Das hier ist Teil zwei einer mehrteiligen Geschichte. Teil 01 ist hier
Der Kontrast zwischen der frischen Luft von draußen und der Staub verhangenen, die meine Lungen hier drin erwartete, war so stark und abrupt, dass ich erstmal husten musste, als wir das Innere des alten Hauses betraten. Alles war ziemlich düster und ich war genauso schlau wie am Beginn unseres kleinen Abenteuers. Wo sollte ich anfangen?
„Also, du bist dir ganz sicher, dass wir hier richtig sind, ja?“, fragte ich Charlotte, ohne mich ihr wirklich zuzuwenden.
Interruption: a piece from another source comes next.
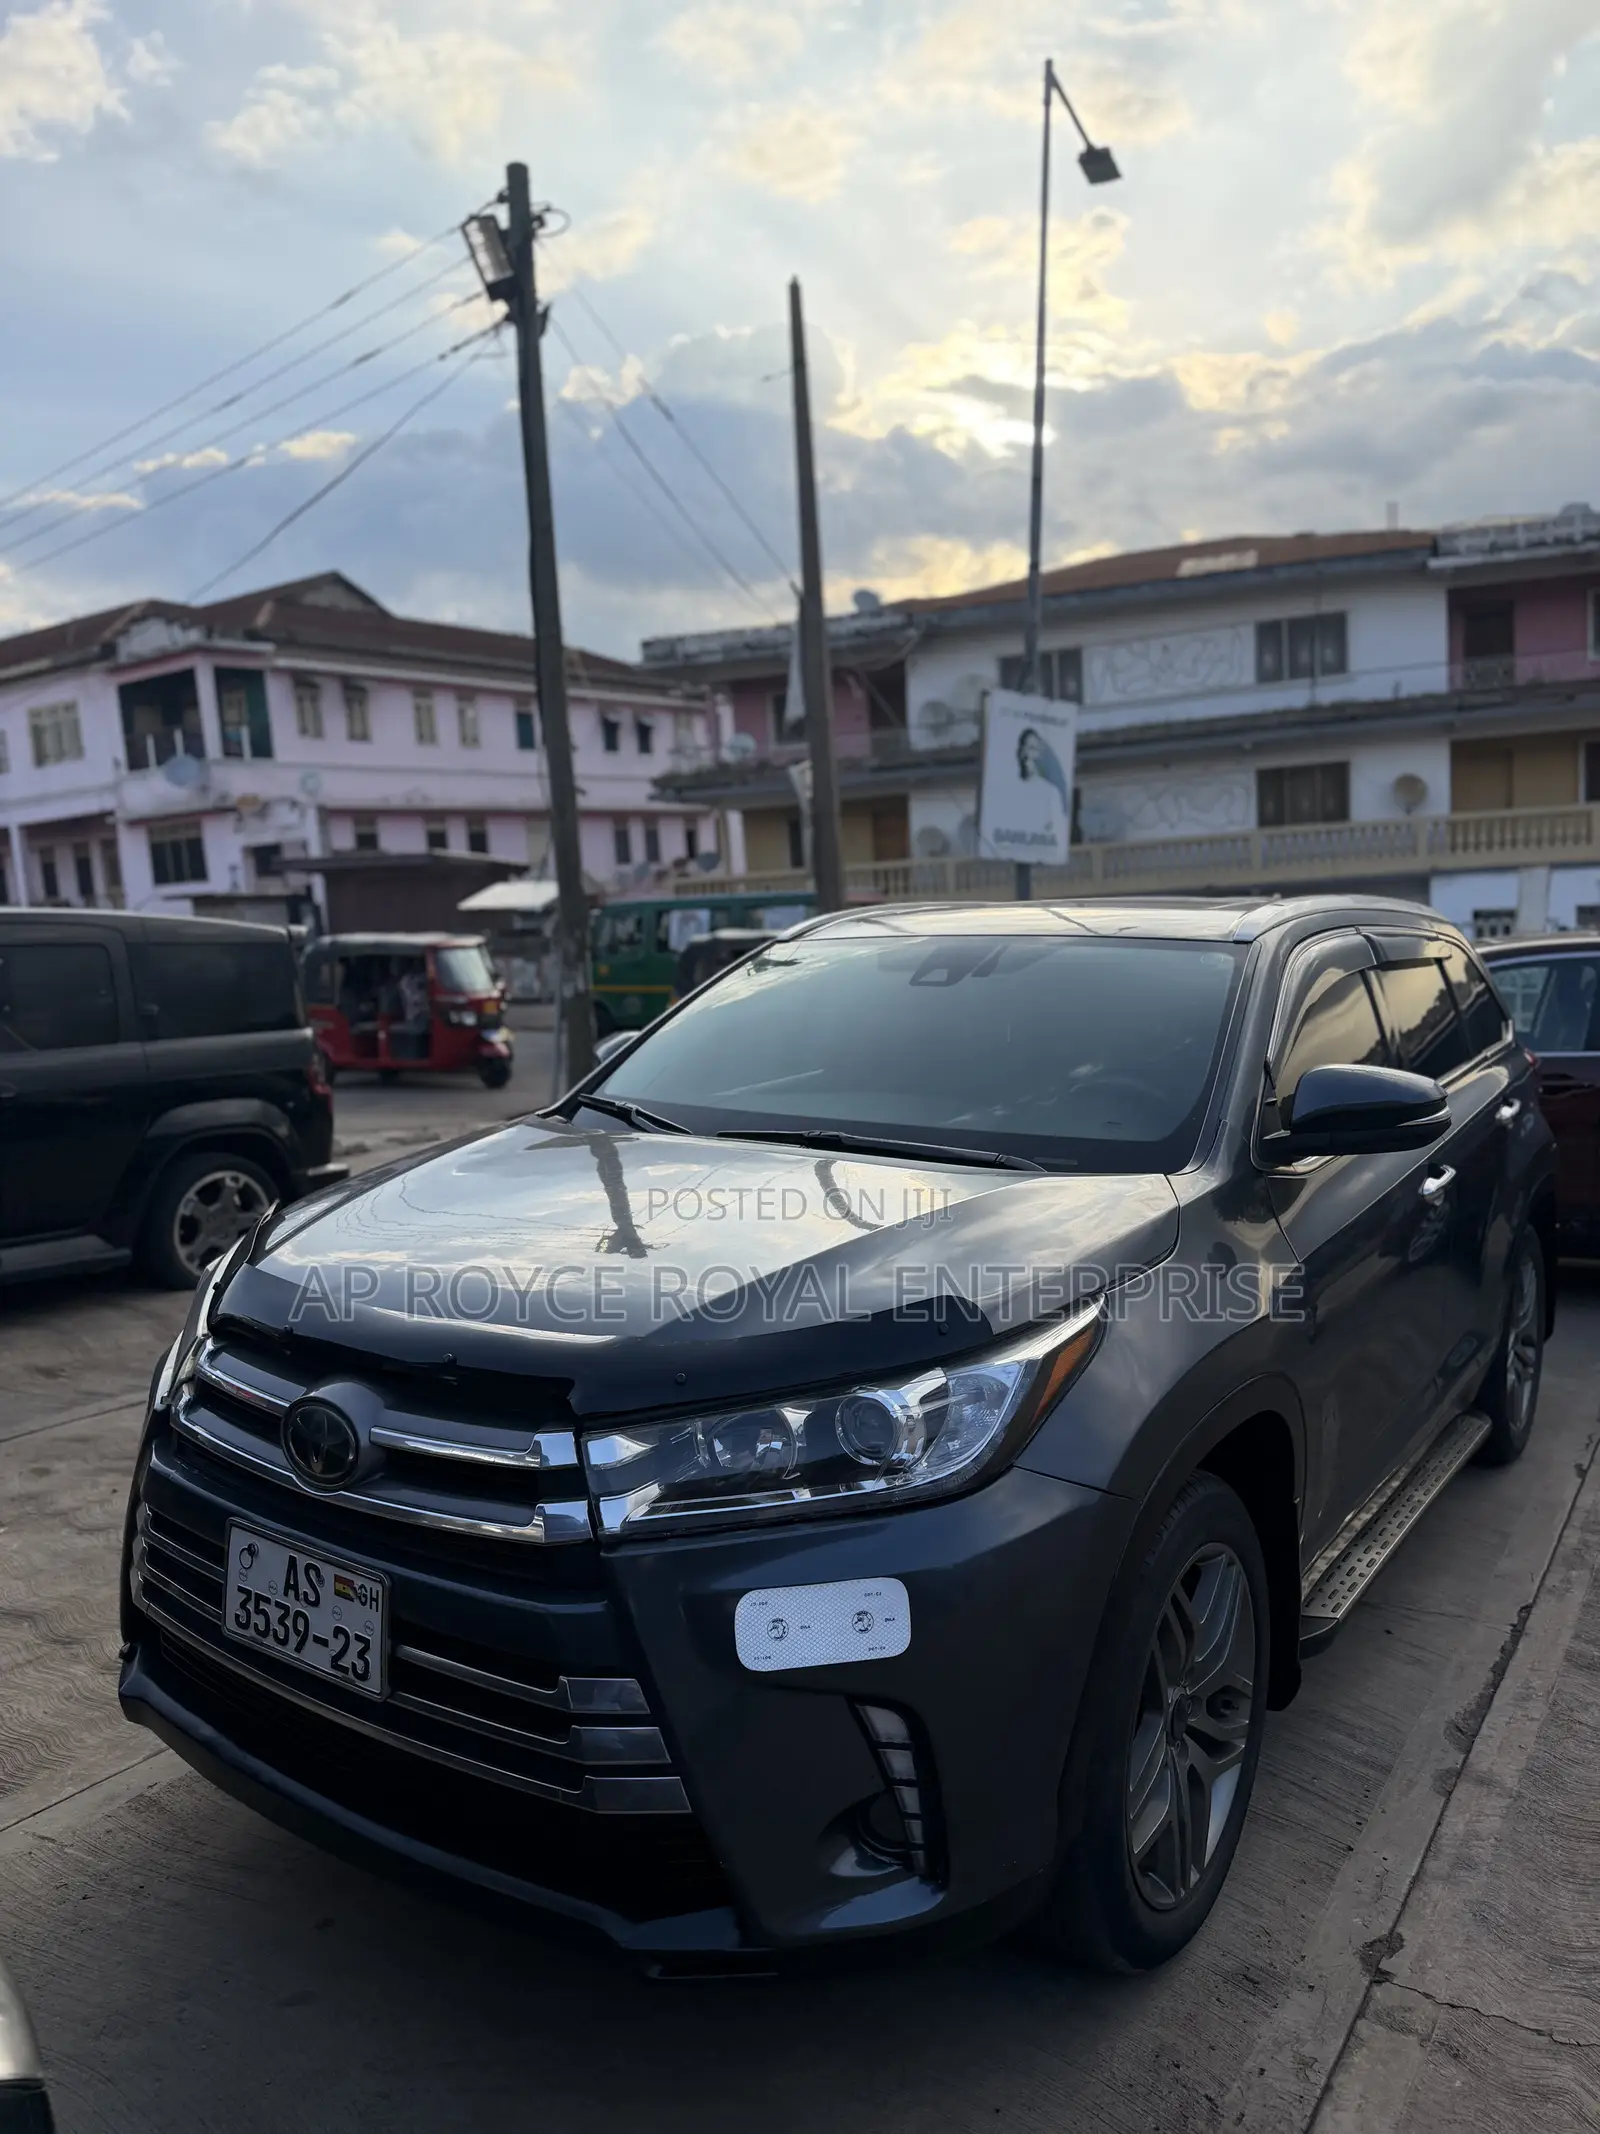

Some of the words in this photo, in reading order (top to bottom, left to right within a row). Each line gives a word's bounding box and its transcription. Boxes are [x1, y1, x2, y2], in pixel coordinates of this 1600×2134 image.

Bei ihrer lästigen Angewohnheit, ständig zu verschwinden und an den unmöglichsten Orten wieder aufzutauchen, hielt ich es für sinnvoller, einfach in die Luft zu sprechen. Jedes Mal nach ihr zu suchen würde mich noch wahnsinnig machen.
„Ich bin mir ganz sicher, dass ich heute gestorben bin.“, erwiderte sie. Das waren ja wundervolle Aussichten.
Zumindest war das Innere des Hauses leer, so weit ich das beurteilen konnte – ich hatte schon mit einer Geistersause vom allerfeinsten gerechnet – allerdings war das hier auch erst die Eingangshalle.
Das Erste, worauf ich blickte, war eine breite Treppe – aus welchem Material wusste ich natürlich nicht – aber auf jeden Fall machte sie einen edlen, imposanten Eindruck auf mich. Andererseits kam das von jemandem, für den es schon Luxus war, wenn er sich an einem Sonntag auch mal Ketchup zu seinen Pommes leisten konnte. Viel mehr gab die Eingangshalle auch nicht her.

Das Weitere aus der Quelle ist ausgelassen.